The only question that arises for consideration is whether the appellant is in lawful possession of the property. Admittedly, there is no written lease granted in favour of the appellant. He claimed that the landlord had agreed for an oral lease for the year 1968-69. The admitted facts are that the landlord was a minor and was prosecuting his studies and his maternal uncle was looking after the properties. The suit property was subject of hypothecation and the mortgagee had inducted one Somanna who remained in possession and cultivated the land till 1964-65. Thereafter, the maternal uncle of the respondent claimed to have been in possession and cultivated the land. The question whether who cultivated the land upto year 1967-68 is not material for the reason that the appellant is not laying any claim for that period. In view of the admitted position that the respondent is the owner and, being minor, his maternal uncle must be deemed in law to be in possession.

The only material question is whether the appellant had any tenancy rights in respect of the land in question? His claim is that he came into possession under the oral tenancy for 1968-69. That was denied by the maternal uncle who was examined on behalf of the respondent-landlord. It is true that one witness was examined on behalf of the appellant and that evidence was believed by the Appellate Authority, and the Revisional Authority did not disturb that finding. But the Revisional Authority primarily proceeded on the finding that the appellant is a deemed tenant. The question, therefore, is whether the ingredients of s.4 of the Tenancy Act are satisfied. Section 4 reads thus:

"A person lawfully cultivating any land belonging to another person shall be deemed to be a tenant if such land is not culltivated personally by the owner and if such person is not----" The other criteria as enumerated in clauses (a), (b) and (c) and the Explanation re not relevant for the purpose of this case.

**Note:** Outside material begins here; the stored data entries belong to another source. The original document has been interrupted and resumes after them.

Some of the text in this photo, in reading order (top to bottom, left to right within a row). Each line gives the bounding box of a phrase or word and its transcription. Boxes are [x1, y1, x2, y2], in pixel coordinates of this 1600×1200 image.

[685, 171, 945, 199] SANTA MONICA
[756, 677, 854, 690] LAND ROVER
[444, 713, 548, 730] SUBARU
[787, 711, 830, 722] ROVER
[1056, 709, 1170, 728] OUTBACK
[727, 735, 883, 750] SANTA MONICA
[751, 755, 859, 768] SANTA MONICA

The question springing for consideration is whether the appellant has lawfully cultivated the land for the year 1968-69? The admitted position is that the respondent filed the suit for injunction on January 20, 1969 and ad-interim injunction was issued on January 21, 1969. The appellant issued notice on January 22, 1969 claiming oral tenancy. In other words, the appellant had raised his claim for the first time, after the landlord had filed the suit. The appellant could have got lawful possession over the lands, if there would have been an agreement with the landlord, and pursuant thereto the landlord inducted the tenant in possession for beneficial enjoyment of the demised land on payment of premium or rent etc., or there would have been acquiescence of the landlord, for the tenant continuing to possess by accepting the rent. Since the claim of the appellant that he came into possession in the year 1968-69 under oral lease was not conclusively accepted and there is no proof that the landlord had accepted any rent, the appellant is a trespasser on the land. The suit was filed for injunction against the appellant. The burden is on the appellant to establish his lawful possession. Except the oral tenancy, no other evidence was brought on record.

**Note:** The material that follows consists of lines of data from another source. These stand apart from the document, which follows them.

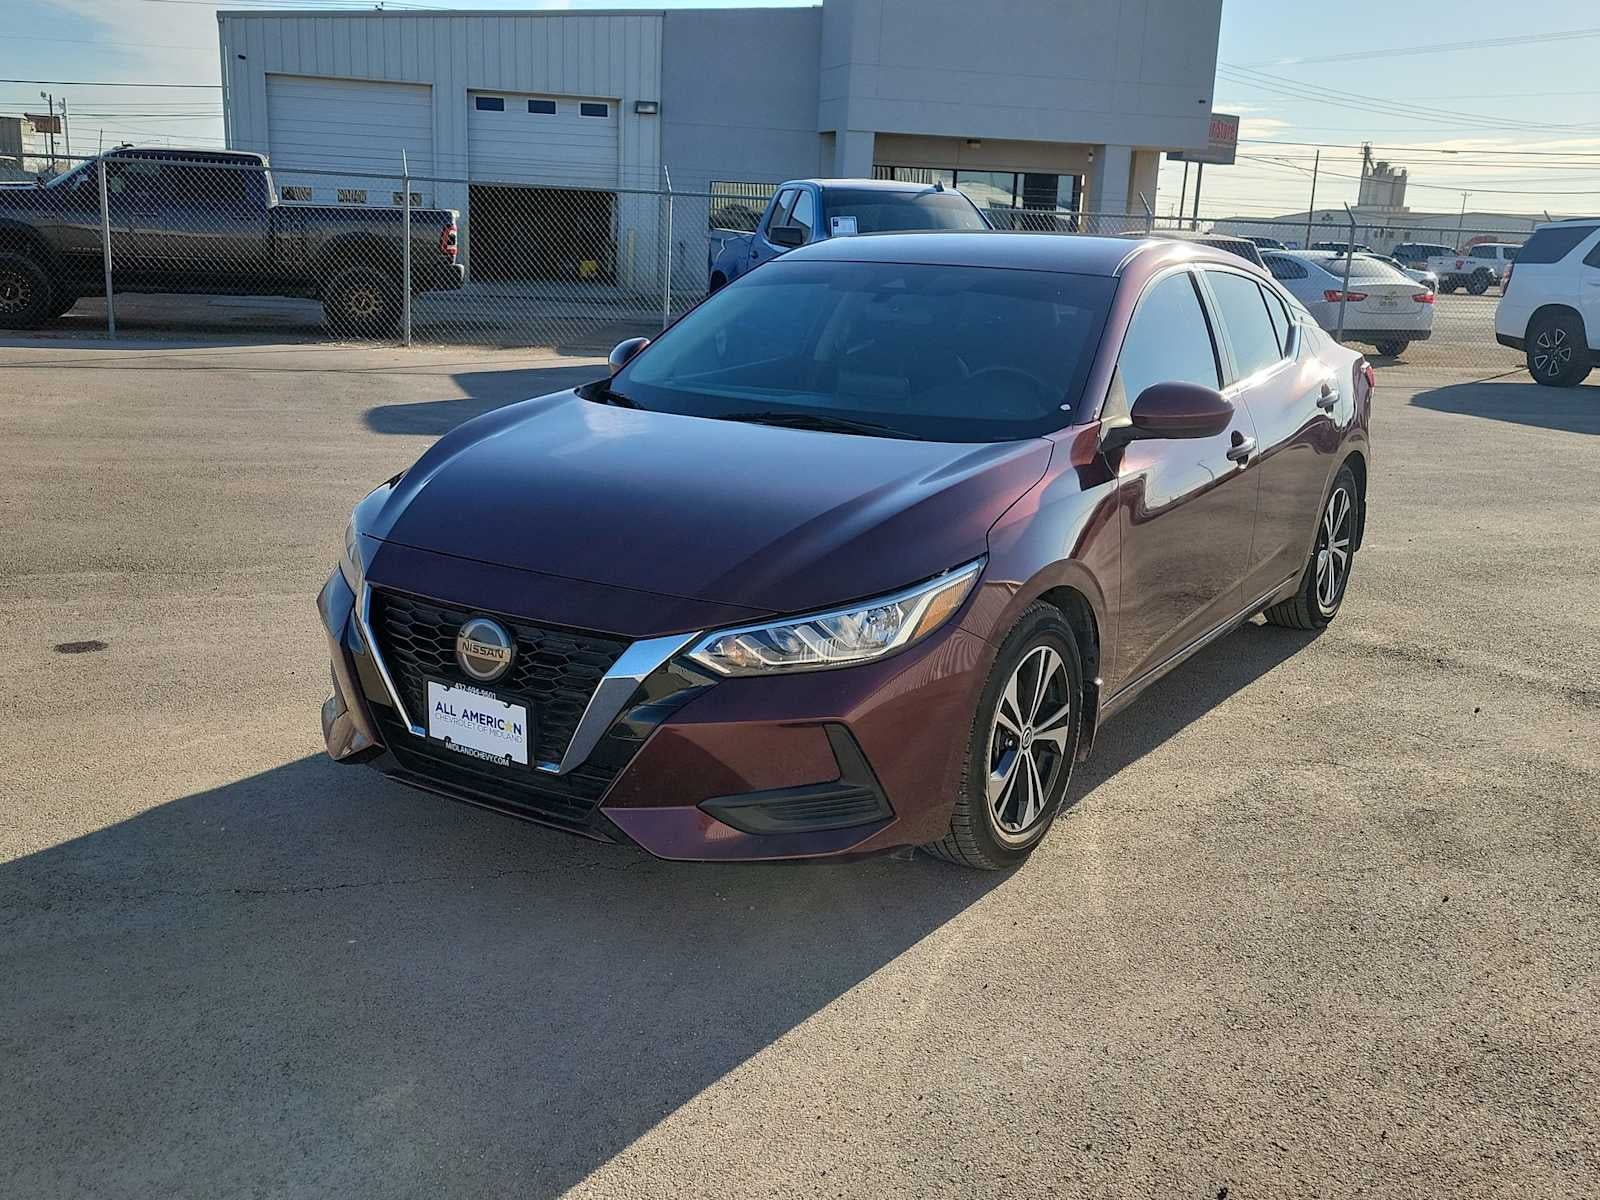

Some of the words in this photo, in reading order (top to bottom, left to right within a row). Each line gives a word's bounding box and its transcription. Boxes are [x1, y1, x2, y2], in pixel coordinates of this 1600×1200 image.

[462, 639, 504, 659] NISSAN
[435, 701, 457, 717] ALL
[435, 712, 476, 730] CHEVROLET
[477, 725, 488, 733] OF
[489, 729, 524, 744] MIDLAND
[445, 742, 510, 767] MIDLANDCHEVY.COM

Entries in the revenue records cannot establish lawful possession, when, admittedly, no notice was given to the respondent before making those entries. The other circumstance is payment of land revenue to the Government through Talatti (village servant). For the payment thereof also, there is no notice or acquiescence by the landlord.

If these two circumstances are excluded, then the only fact is on the land, but the possession cannot be said to be lawful possession. In other words, his possession is of a trespasser, which is not protected by the Act. The question of benefit of s.4 does not arise. Though the Tribunals below or the High Court has not adverted to this aspect of the matter, we feel that the order passed by the High Court needs no interference.

The appeal is, therefore, dismissed with costs through out.